Para Praga, este veículo representa uma ruptura clara com um passado carregado, uma aposta deliberada no futuro industrial do país e um compromisso público com a NATO numa altura em que os céus a leste da Europa parecem cada vez mais instáveis.
Um adeus simbólico à blindagem da era soviética
O primeiro veículo de combate de infantaria (VCI) CV90 de produção destinado ao Exército Checo foi oficialmente entregue na fábrica da BAE Systems Hägglunds, em Örnsköldsvik, na Suécia. À escala do contrato, trata-se de uma unidade entre centenas; no plano político, é um marco com peso próprio.
A cerimónia contou com a presença da ministra da Defesa Jana Černochová, lado a lado com a sua homóloga sueca, sublinhando a importância estratégica que Praga atribui a este programa. Durante cerca de trinta anos, as forças terrestres checas dependeram sobretudo de plataformas soviéticas modernizadas, como o BMP‑2. Foram actualizadas, mas a base de concepção permanece ancorada na Guerra Fria.
Com o CV90, esse ciclo fecha-se. O país passa a dispor de um veículo concebido no Ocidente, com provas dadas, alinhado com os padrões da NATO e, de forma decisiva, produzido em grande parte por trabalhadores e engenheiros checos.
A passagem de veículos herdados do legado soviético para o CV90 não se resume a pintura ou estética: o ponto central é quem manda na tecnologia, em quem assenta a cadeia de abastecimento e onde ficam os empregos.
O calendário também não é fruto do acaso. A guerra da Rússia na Ucrânia, o reforço dos exercícios da NATO no flanco oriental e a presença de novos sistemas de mísseis de longo alcance na região voltaram a colocar as forças terrestres no topo das preocupações da Europa Central. Ao avançar com esta aquisição, Praga envia um sinal simultâneo a Moscovo e aos aliados: a República Checa quer ser fornecedora de segurança, e não apenas beneficiária.

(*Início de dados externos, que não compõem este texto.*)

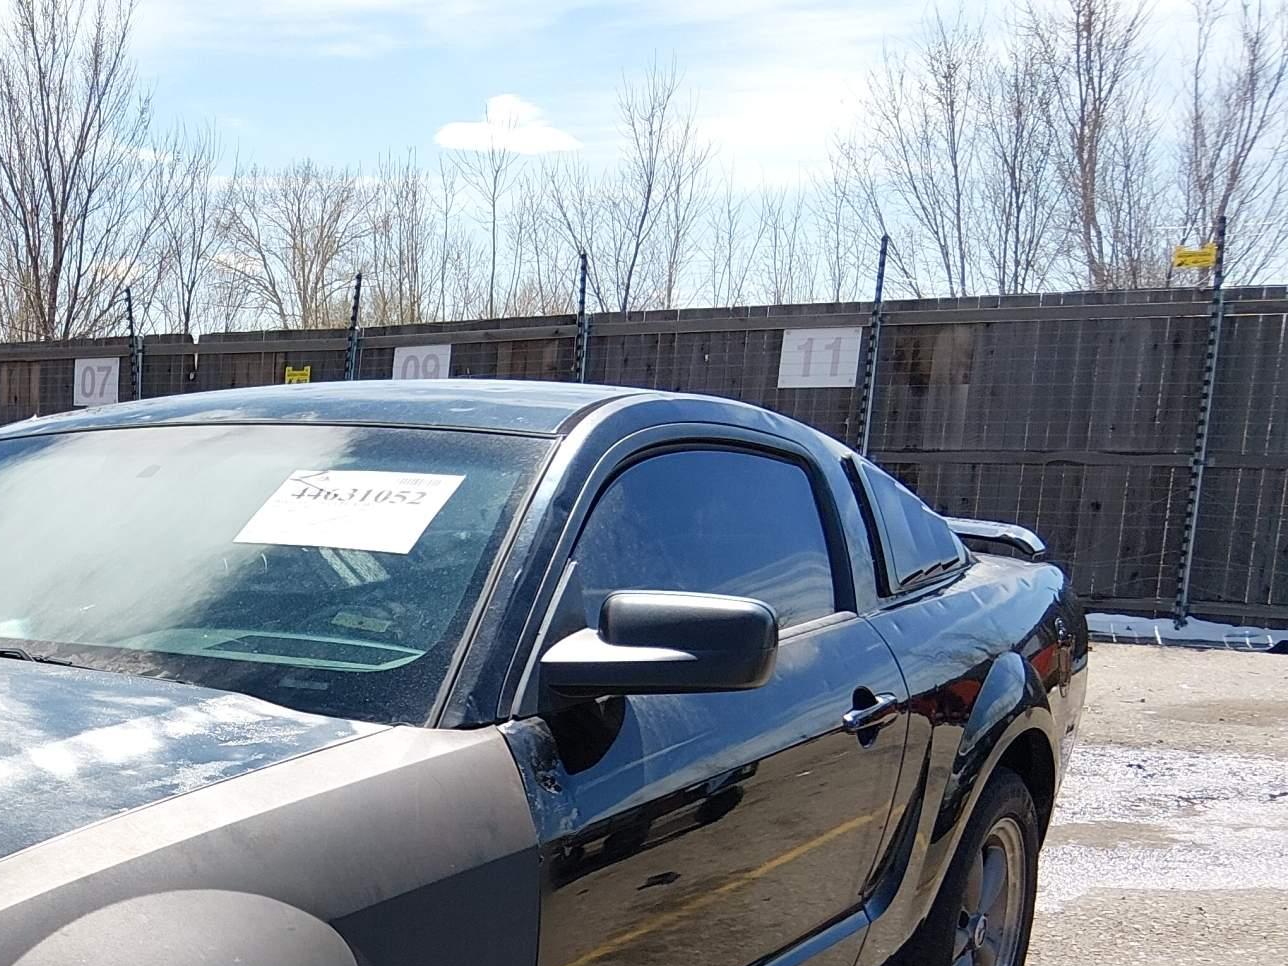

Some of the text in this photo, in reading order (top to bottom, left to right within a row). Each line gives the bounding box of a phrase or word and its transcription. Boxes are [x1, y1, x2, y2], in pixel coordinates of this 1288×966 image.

[797, 337, 841, 377] 11
[81, 366, 113, 398] 07
[290, 487, 428, 505] 44631052

Um programa industrial (e soberano), não apenas uma compra de defesa
O contrato abrange 246 veículos em várias versões. Apenas 39 serão construídos integralmente na Suécia. Os restantes 207 deverão ser montados na República Checa a partir de 2026, sob liderança da empresa pública VOP CZ, sediada no nordeste industrial do país.
Mais de vinte empresas checas participam no projecto, incluindo nomes já conhecidos no sector regional da defesa, como a Excalibur Army, a especialista em óptica Meopta, a empresa de cablagens e electrónica Ray Service e a VR Group (formação e treino). Segundo o Governo, o programa deverá criar milhares de postos de trabalho directos e indirectos em áreas como maquinação, soldadura, electrónica, software e logística.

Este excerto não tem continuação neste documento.